Another type of Palace prevalent on Zanzibar were the country-Palaces. These were used to escape the hustle and bustle of the city. These were also usually constructed at sites believed to impart health benefits. Kibweni Palace is a wonderful example of this type of Palace. Constructed in 1915 the structure was originally named Beit el-Kassrusaada (Palace of Happiness) but that name fell into disuse and it is now universally referred to by the name of the village near where it is located, just north of the ruins of Beit el-Ras.
Photo by Capital Art Studio

Chukwani Palace

Once located near the village of Fumba, about 15 kilometers south of Stone town. This country-palace displayed a modest beach house facade when approached from the land side. However, behind the house lay an extensive estate, perched on a bluff with walkways that invited visitors toward the sea. This Palace was used as a health spa until it was demolished. The Palace bath-house is said to still exist, but the site cannot be visited because it is now part of a military preserve.
Chuini Palace
Little remains of this ingenious Palace that was designed to have running water in a time before electricity. It was constructed near the shore and next to a stream, in a location in northwest Zanzibar that was referred to as ‘the place of the leopard. "The Palace, which was built in 1872 by Seyyid Barghash stands in a river bed, a costly artificial foundation having been constructed with the object of keeping the building low so that an adequate flow of water should be obtained. The approach was by a covered way carried on tall iron pillars over the adjoining creek, beneath which the sea came into the creek behind. The building was burnt down in 1914 and little of interest remains except the long series of bathrooms through which a stream of water ran to the sea."
The Peoples Palace
It was here that Seyyid Barghash built the great boat-cistern to hold the water needed by the many occupants of this house.
Formerly the British Counsel’s Residence, this building is an example of English ‘Saracen’ architecture. Located on the south edge of the city, near the hospital, this Palace today serves as the Presidential Residence for the leader of the Zanzibar government.
Some of the most interesting features are on the back of the building. Access to this site however, is strictly controlled.

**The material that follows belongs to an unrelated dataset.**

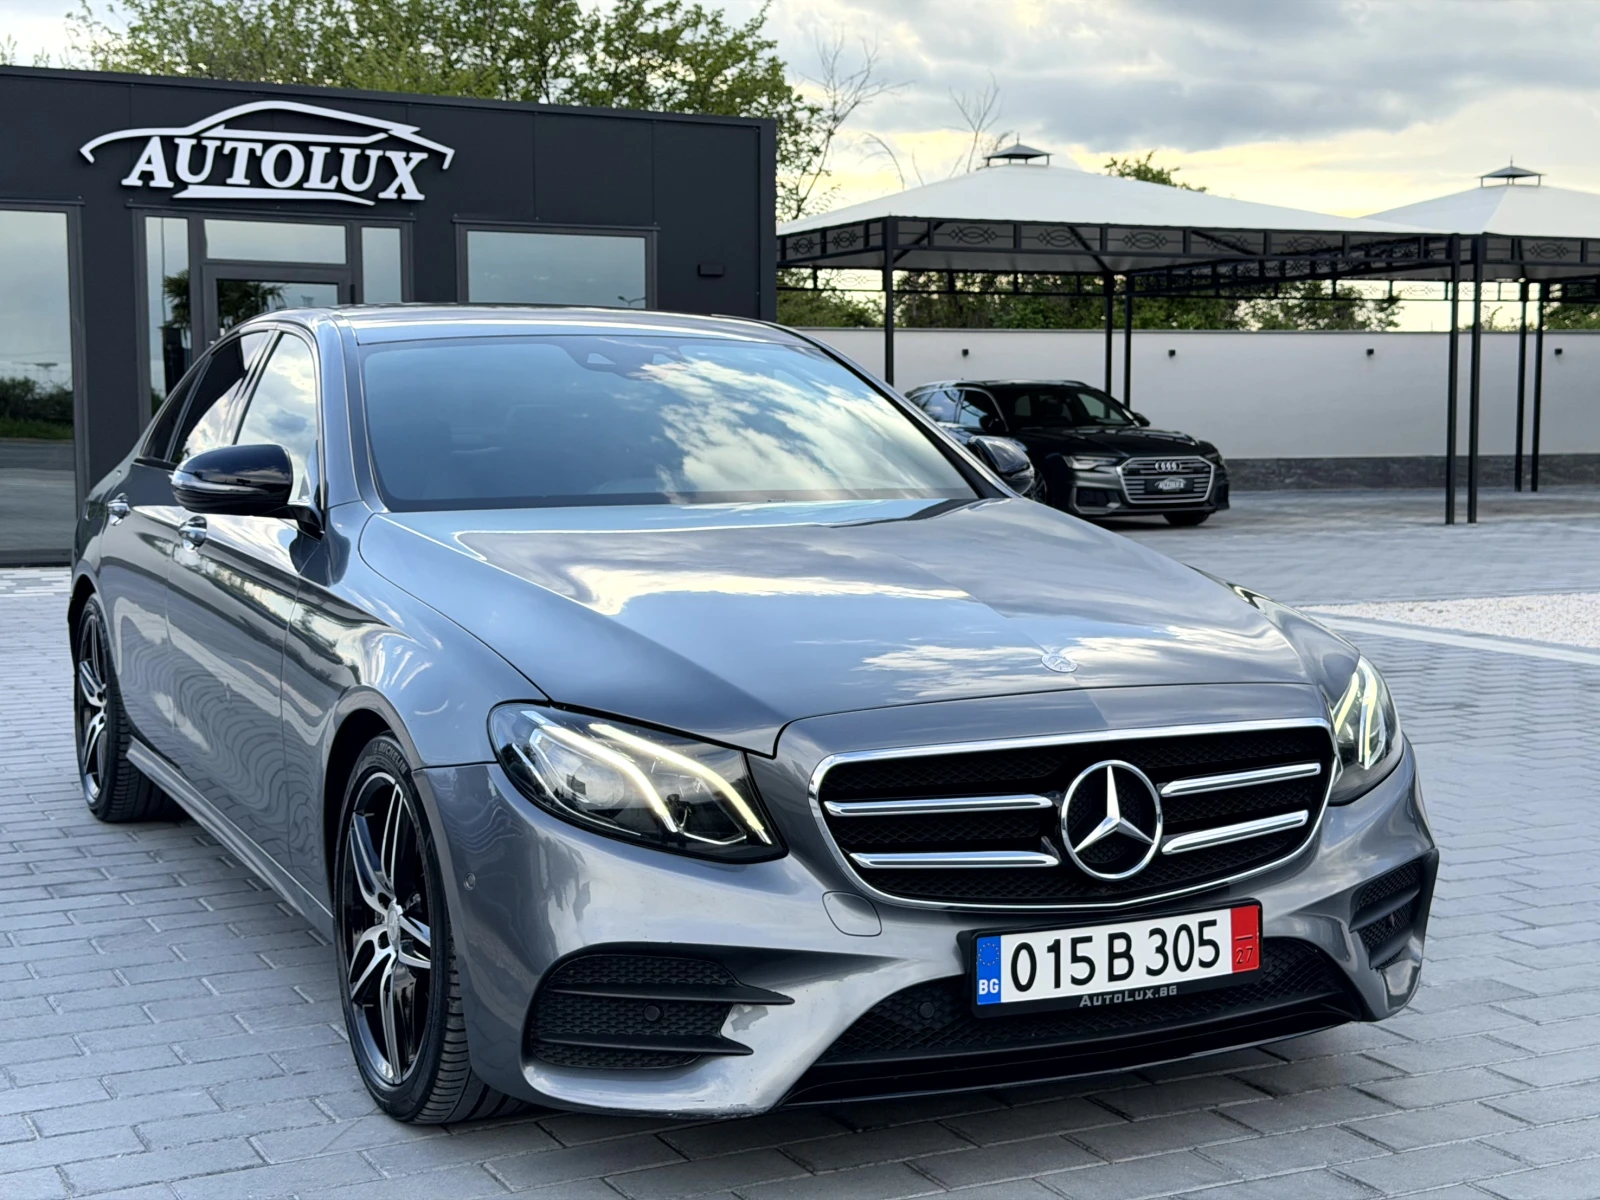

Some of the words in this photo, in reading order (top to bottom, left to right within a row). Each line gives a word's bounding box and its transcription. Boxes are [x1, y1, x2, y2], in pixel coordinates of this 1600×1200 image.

Beit el-Ajaib - House of Wonders

Whatever their other functions all Palaces are also built to enhance the status of their owner. The foremost Zanzibar example of this fact is the famous House of Wonders.
The House of Wonders didn't present such a stately appearance when first built, it looked perhaps a bit squat in those days. However, damage done to the building during the 1896 war required extensive repairs and because the beautiful clock tower/light house in front of the Palace had also been destroyed in the war, it was decided to combine projects and incorporate a new clock-tower into the repaired Palace The result is a truly remarkable building that is now more than 125 years old.
Dunga Palace
Originally just a large rectangular building, in the 1870's an ornate 'Sultan's Pavilion' was added on the west side. This building housed more women than men and was therefore sometimes referred to as 'the Harem.'
That modified Palace became the modest harbor side town-home of Seyyid Khalifa, until 1960. During his many years, it was simply known as the 'Sultans Palace’. After the 1964 revolution, this structure was used as a government headquarters. Later it was renovated and has reopened as a nice museu m.